MR. SAXTON: He asked him why he told him.

THE COURT: I know, but I do not think you can pursue it and the Court be allowed to admit it into evidence.

MR. SAXTON: That is all.

N.T. at 72-73 (emphasis added).

Defense motion for a mistrial was denied.

Appellants acknowledge that no further inquiry along these lines was permitted, but argue that the inference of prior criminal behavior had been raised. Appellants cite Commonwealth v. Washington, 488 Pa. 133, 138, 411 A.2d 490, 492 (1979), reargument denied, March 3, 1980, for the proposition that "in determining if the introduction of the challenged testimony constitutes reversible error, the controlling question is whether the jury could reasonably infer therefrom that the accused had engaged in other unrelated criminal activity. Commonwealth v. Allen, 448 Pa. 177, 292 A.2d 373 (197[2])."

We are convinced that the jury reasonably could have construed the allusions to the feces left at the scene of the crime as linking appellants to another crime or crimes. We are confident that the jury grasped the implication of the above quoted testimony that in prior incidents either one or both of the appellants had left similar evidence at a crime scene or scenes. This we condemn for it raises a serious doubt in our minds as to an improper basis for the jury's verdicts. This Court stated in Commonwealth v. Boulden, 179 Pa. Super. 328, 332, 116 A.2d 867, 869 (1955) the general rule for the admissibility of evidence of prior criminal conduct:

Appellants contend that the two witnesses who referred to prior criminal activity should have known better since they were both police officers and Commonwealth witnesses. They analogize the instant matter to Commonwealth v. Washington, 488 Pa. 133, 411 A.2d 490 (1979) where the Pennsylvania Supreme Court stated that when the witness is an investigator of the District Attorney's office, "it is a reasonable assumption that he should have known not to make such statements [suggesting prior criminal activity]." Id., 488 Pa. at 138, 411 A.2d at 492. We find the preceding reasoning to be persuasive.

The general rule is that "on a prosecution for a particular crime, evidence which shows or tends to show that accused has committed another crime wholly independent of, and unconnected with, that for which he is on trial, even though it is a crime of the same sort, is irrelevant and inadmissible." 22 C.J.S. Criminal Law § 682. Shaffner v. Commonwealth, 72 Pa. 60 (1872); Snyder v. Commonwealth, 85 Pa. 519 (1877); Swan v. Commonwealth, 104 Pa. 218 (1883); Commonwealth v. Saulsbury, 152 Pa. 554, 25 A. 610 (1893); Commonwealth v. House, 223 Pa. 487, 492, 72 A. 804 (1909); Commonwealth v. Shanor, 29 Pa. Super. 358, 362 (1905).

In Shaffner v. Commonwealth, supra, page 65 it was said:

"If the evidence (of an offense not charged) be so dubious that the judge does not clearly perceive the connection (with the crime charged), the benefit of the doubt should be given to the prisoner, instead of suffering the minds of the jurors to be prejudiced by an independent fact, carrying with it no proper evidence of the particular guilt."

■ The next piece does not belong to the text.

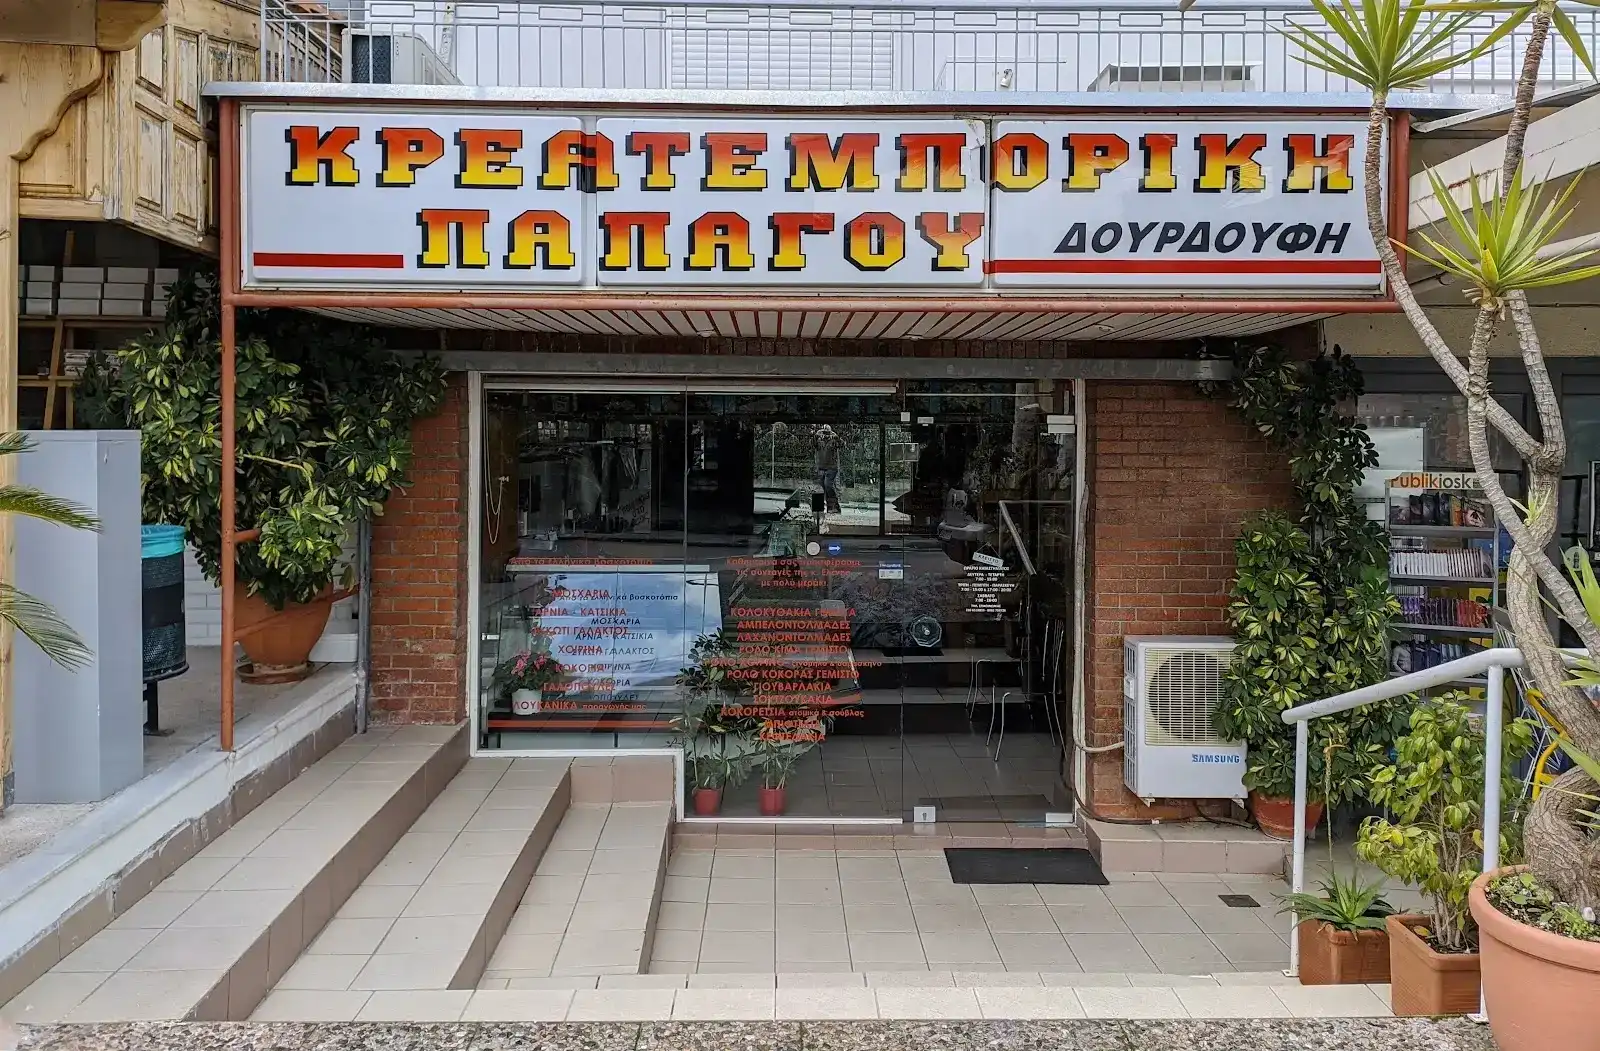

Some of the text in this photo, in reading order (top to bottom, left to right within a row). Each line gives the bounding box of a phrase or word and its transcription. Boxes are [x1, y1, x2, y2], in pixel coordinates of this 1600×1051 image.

It is well-settled, of course, that "evidence of . . . prior criminal conduct [is] admissible to establish . . . identity by showing the similarity between the two incidents. Commonwealth v. Fortune, 464 Pa. 367, 346 A.2d 783 (1975)." Commonwealth v. Shively, 492 Pa. 411, 414, 424 A.2d 1257, 1258 (1981). The Shively court quoted the McCormick treatise to illustrate this exception to the above general rule:
As McCormick has stated, evidence of prior crimes is admissible:

". . . to prove other like crimes by the accused so nearly identical in method as to earmark them as the handiwork of the accused. Here, much more is demanded than the mere repeated commission of crimes of the same class, such as repeated burglaries or thefts. The device used must be so unusual and distinctive as to be like a signature." McCormick, Evidence, § 190 (1972 2d ed.) (Emphasis added) (Footnotes omitted).

Id., 492 Pa. at 415, 424 A.2d at 1259. We note that the Commonwealth did not contend at trial that the above testimony was admissible because it fell within this narrow exception, and there is no evidence of record which would support such an identical modus operandi between the burglaries for which appellants were charged and prior burglaries which would establish the identity of appellants as the burglars in the instant matter. Indeed, the Commonwealth introduced no evidence that appellants had committed the other burglaries.

The Commonwealth counters that in evaluating appellant's argument emphasis should be given to the fact that comments of which they complain were elicited by appellants' counsel.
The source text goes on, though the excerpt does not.